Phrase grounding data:
§
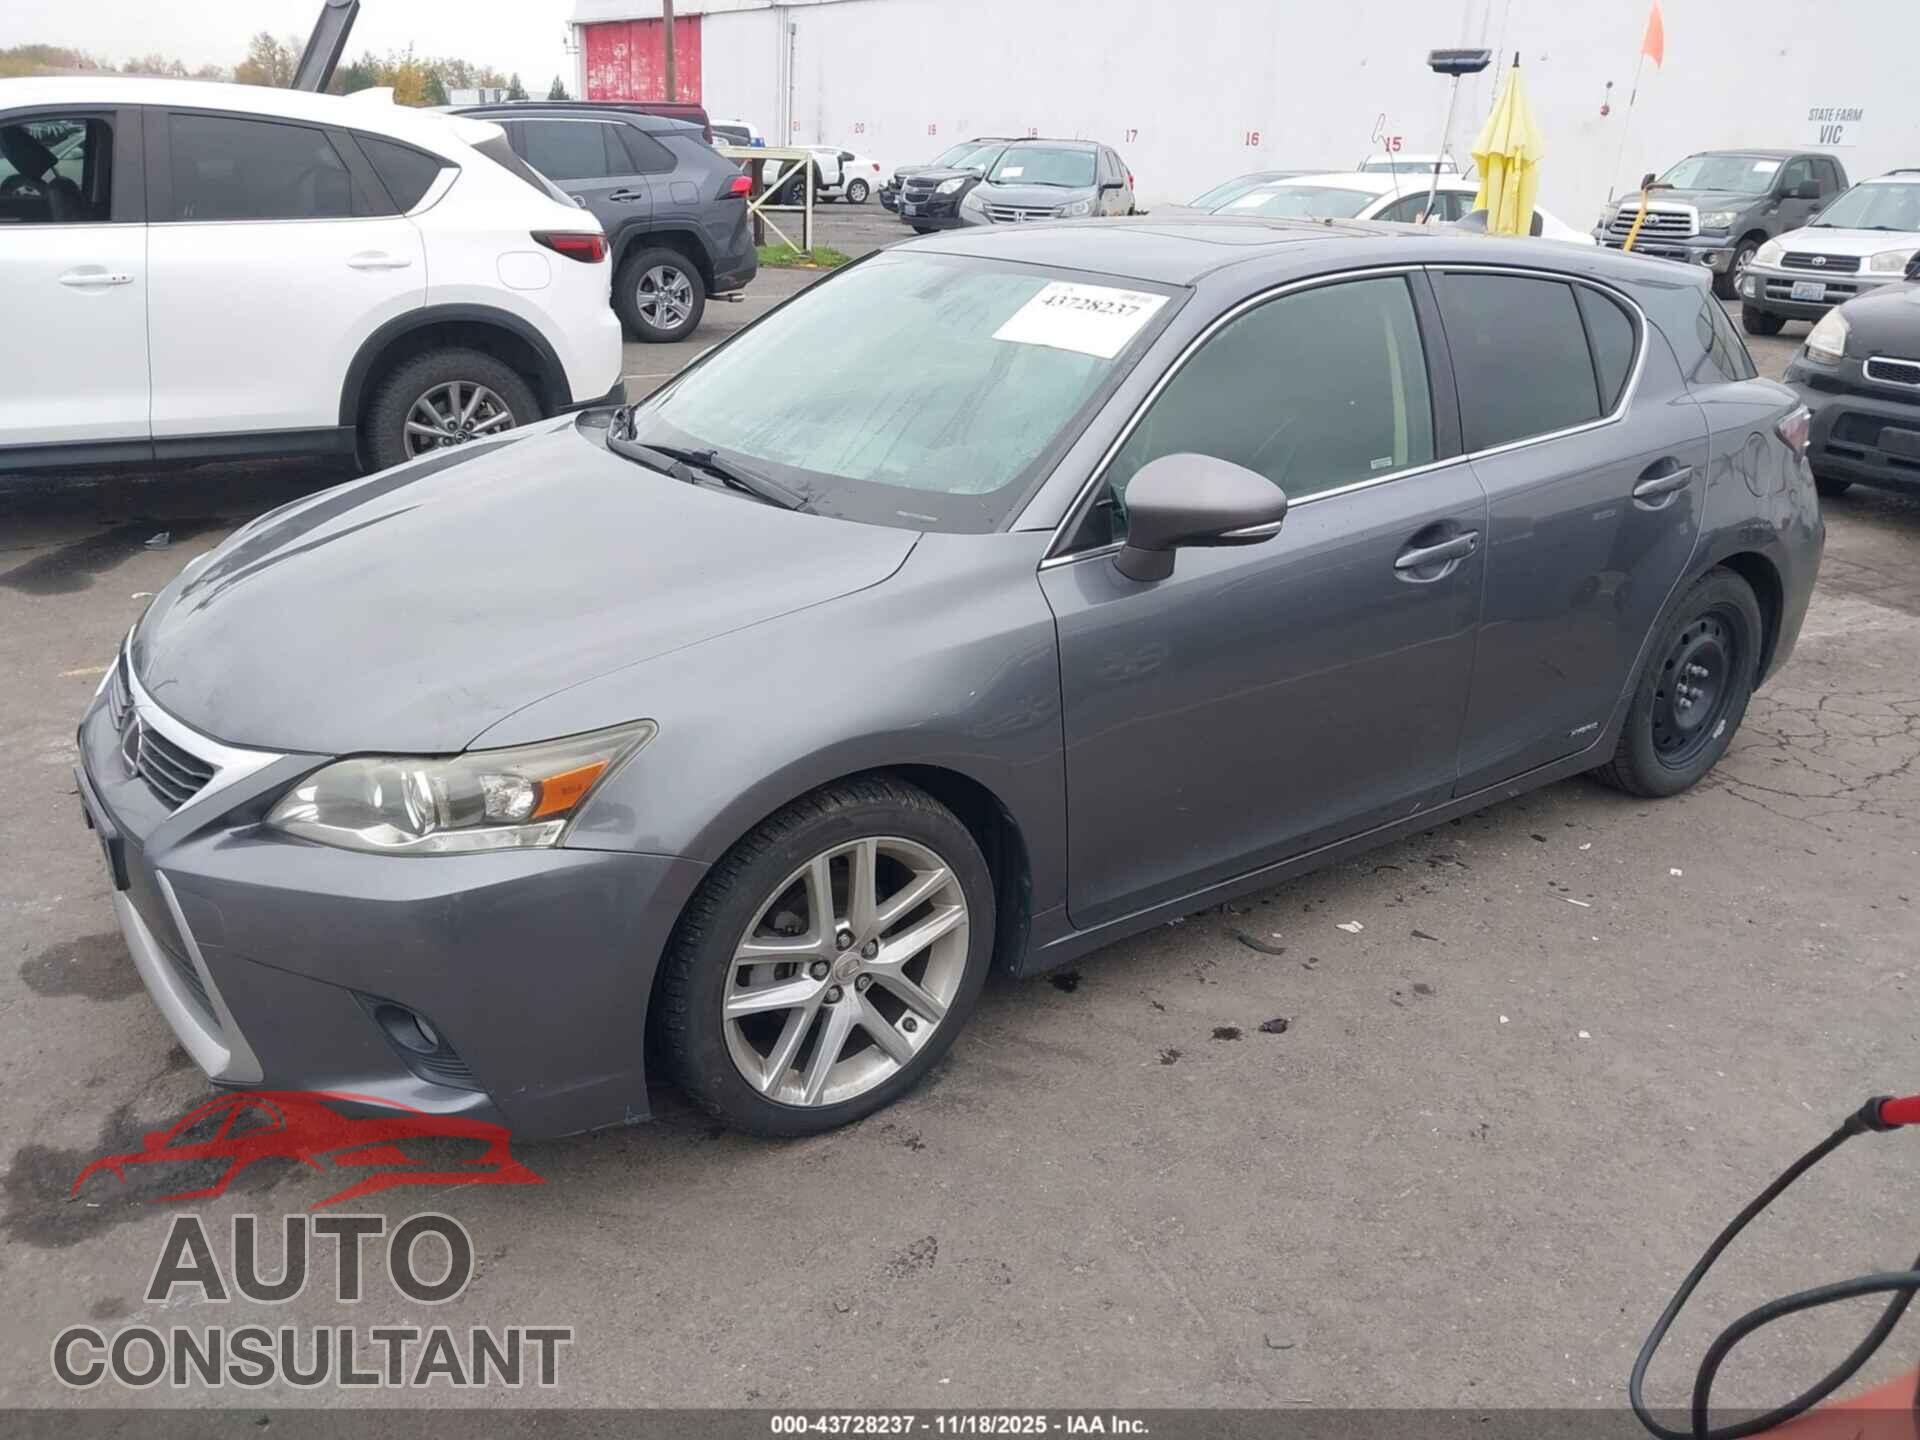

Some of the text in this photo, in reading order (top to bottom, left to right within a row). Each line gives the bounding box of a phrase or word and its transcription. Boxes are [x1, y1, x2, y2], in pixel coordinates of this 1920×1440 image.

[1808, 108, 1864, 121] STATE FARM
[855, 123, 865, 134] 20
[1126, 129, 1138, 142] 17
[1820, 125, 1843, 144] VIC
[1245, 132, 1260, 146] 16
[1385, 137, 1402, 152] 15
[1042, 294, 1141, 317] 43728237
§
## WORK REQUEST
Without carrying over any picture, write out the entries above once more, exactly.

## RESULT OF THE EXERCISE
Some of the text in this photo, in reading order (top to bottom, left to right within a row). Each line gives the bounding box of a phrase or word and its transcription. Boxes are [x1, y1, x2, y2], in pixel coordinates of this 1920×1440 image.

[1808, 108, 1864, 121] STATE FARM
[855, 123, 865, 134] 20
[1126, 129, 1138, 142] 17
[1820, 125, 1843, 144] VIC
[1245, 132, 1260, 146] 16
[1385, 137, 1402, 152] 15
[1042, 294, 1141, 317] 43728237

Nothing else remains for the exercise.